WHAT YOU SHOULD DO
Please write out every line of the material, leaving out any picture.

THE DATA
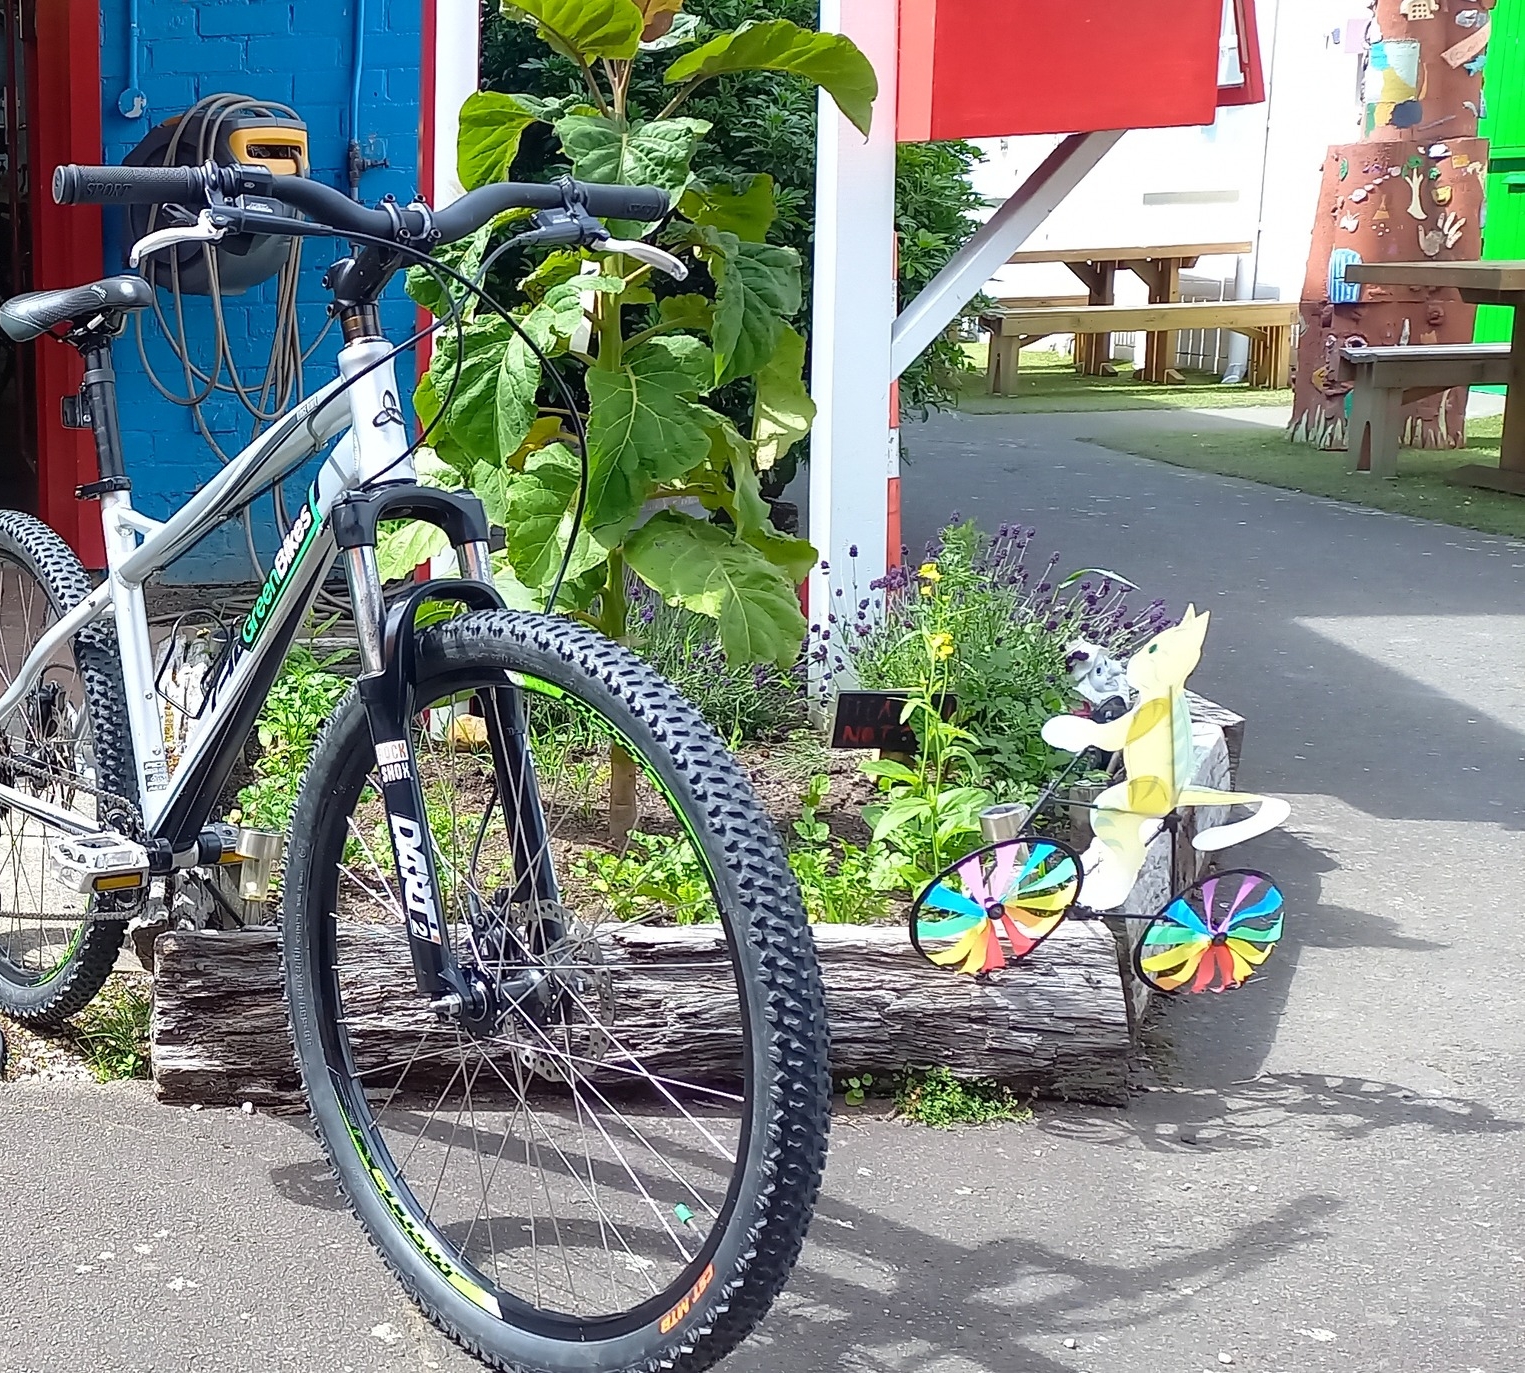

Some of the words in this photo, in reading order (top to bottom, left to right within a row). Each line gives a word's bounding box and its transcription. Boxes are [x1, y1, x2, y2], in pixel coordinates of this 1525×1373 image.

[86, 181, 133, 197] SPORT
[241, 503, 312, 644] GreenBikes
[380, 761, 412, 784] SHOX
[411, 920, 429, 938] 2
[691, 1263, 715, 1304] CST
[659, 1297, 690, 1334] MTB

ANSWER TO THIS EXERCISE
Some of the words in this photo, in reading order (top to bottom, left to right within a row). Each line gives a word's bounding box and its transcription. Boxes are [x1, y1, x2, y2], in pixel coordinates of this 1525×1373 image.

[86, 181, 133, 197] SPORT
[241, 503, 312, 644] GreenBikes
[380, 761, 412, 784] SHOX
[411, 920, 429, 938] 2
[691, 1263, 715, 1304] CST
[659, 1297, 690, 1334] MTB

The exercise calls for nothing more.